* Assignment *
Return each line of the data below exactly, omitting any pictures.

* Records for the exercise *
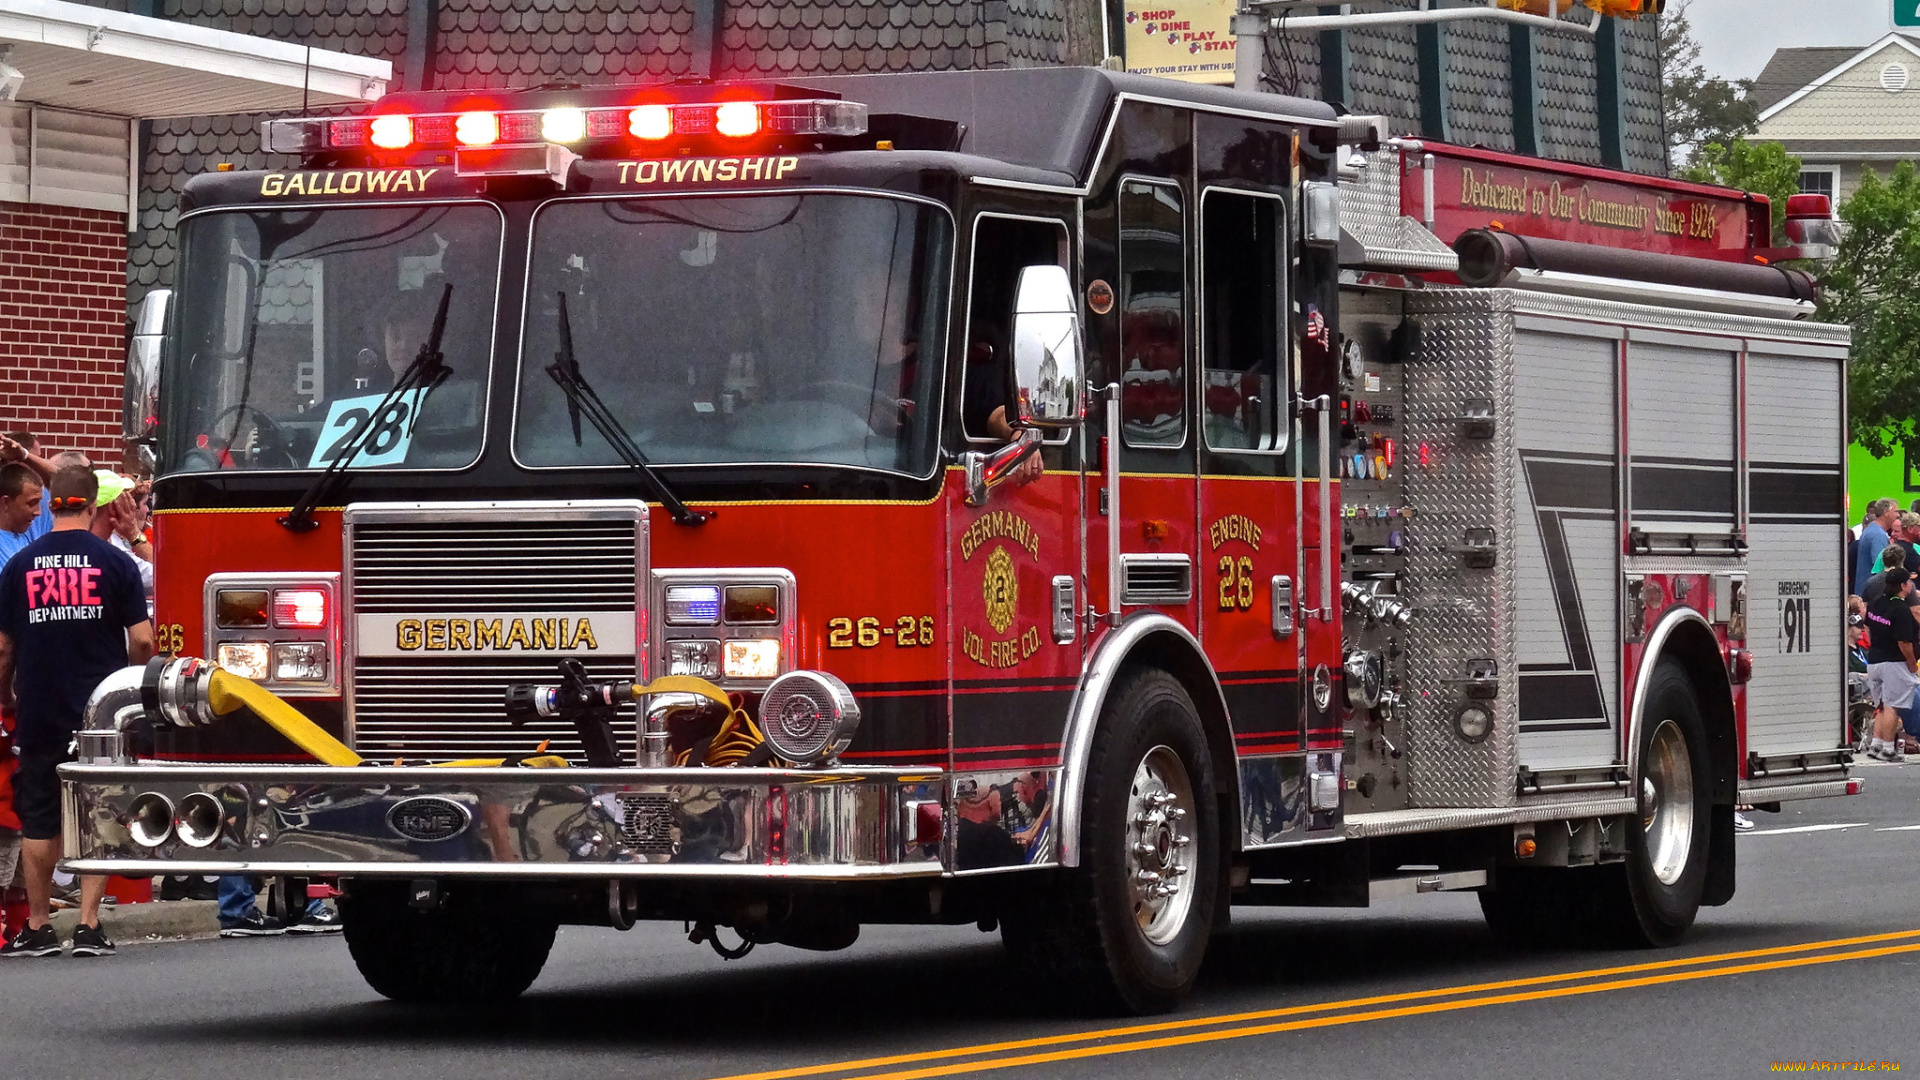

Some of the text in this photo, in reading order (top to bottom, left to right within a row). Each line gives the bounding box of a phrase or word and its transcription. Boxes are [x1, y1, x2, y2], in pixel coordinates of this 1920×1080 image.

[1141, 10, 1176, 21] SHOP
[1161, 21, 1191, 31] DINE
[1183, 31, 1216, 42] PLAY
[1204, 40, 1237, 51] STAY
[1128, 62, 1235, 75] ENJOY YOUR STAY WITH US!
[260, 156, 799, 196] GALLOWAY TOWNSHIP
[1461, 167, 1717, 239] Dedicated to Our Community Since 1926
[319, 401, 410, 463] 28
[960, 510, 1039, 562] GERMANIA
[1209, 514, 1262, 551] ENGINE
[34, 554, 92, 570] PINE HILL
[995, 575, 1005, 603] 2
[1219, 555, 1253, 608] 26
[1778, 581, 1810, 596] EMERGENCY
[28, 605, 104, 624] DEPARTMENT
[1784, 597, 1810, 653] 911
[158, 624, 184, 652] 26
[396, 617, 599, 651] GERMANIA
[828, 615, 934, 648] 26-26
[990, 638, 1019, 668] FIRE
[1021, 625, 1043, 659] CO.

* Response *
Some of the text in this photo, in reading order (top to bottom, left to right within a row). Each line gives the bounding box of a phrase or word and its transcription. Boxes are [x1, y1, x2, y2], in pixel coordinates of this 1920×1080 image.

[1141, 10, 1176, 21] SHOP
[1161, 21, 1191, 31] DINE
[1183, 31, 1216, 42] PLAY
[1204, 40, 1237, 51] STAY
[1128, 62, 1235, 75] ENJOY YOUR STAY WITH US!
[260, 156, 799, 196] GALLOWAY TOWNSHIP
[1461, 167, 1717, 239] Dedicated to Our Community Since 1926
[319, 401, 410, 463] 28
[960, 510, 1039, 562] GERMANIA
[1209, 514, 1262, 551] ENGINE
[34, 554, 92, 570] PINE HILL
[995, 575, 1005, 603] 2
[1219, 555, 1253, 608] 26
[1778, 581, 1810, 596] EMERGENCY
[28, 605, 104, 624] DEPARTMENT
[1784, 597, 1810, 653] 911
[158, 624, 184, 652] 26
[396, 617, 599, 651] GERMANIA
[828, 615, 934, 648] 26-26
[990, 638, 1019, 668] FIRE
[1021, 625, 1043, 659] CO.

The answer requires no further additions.